◆ DATA RECORDS:
· · · ·

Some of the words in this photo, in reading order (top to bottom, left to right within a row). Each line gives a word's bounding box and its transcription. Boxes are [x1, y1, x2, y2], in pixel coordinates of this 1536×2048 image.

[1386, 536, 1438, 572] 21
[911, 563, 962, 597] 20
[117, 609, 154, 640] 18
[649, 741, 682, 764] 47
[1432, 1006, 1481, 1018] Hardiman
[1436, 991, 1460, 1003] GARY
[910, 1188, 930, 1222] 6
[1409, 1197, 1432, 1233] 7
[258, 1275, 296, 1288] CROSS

· · · ·

◆ WHAT IS REQUIRED: Start to finish, restate the records above word for word.

◆ EXERCISE ANSWER:
Some of the words in this photo, in reading order (top to bottom, left to right within a row). Each line gives a word's bounding box and its transcription. Boxes are [x1, y1, x2, y2], in pixel coordinates of this 1536×2048 image.

[1386, 536, 1438, 572] 21
[911, 563, 962, 597] 20
[117, 609, 154, 640] 18
[649, 741, 682, 764] 47
[1432, 1006, 1481, 1018] Hardiman
[1436, 991, 1460, 1003] GARY
[910, 1188, 930, 1222] 6
[1409, 1197, 1432, 1233] 7
[258, 1275, 296, 1288] CROSS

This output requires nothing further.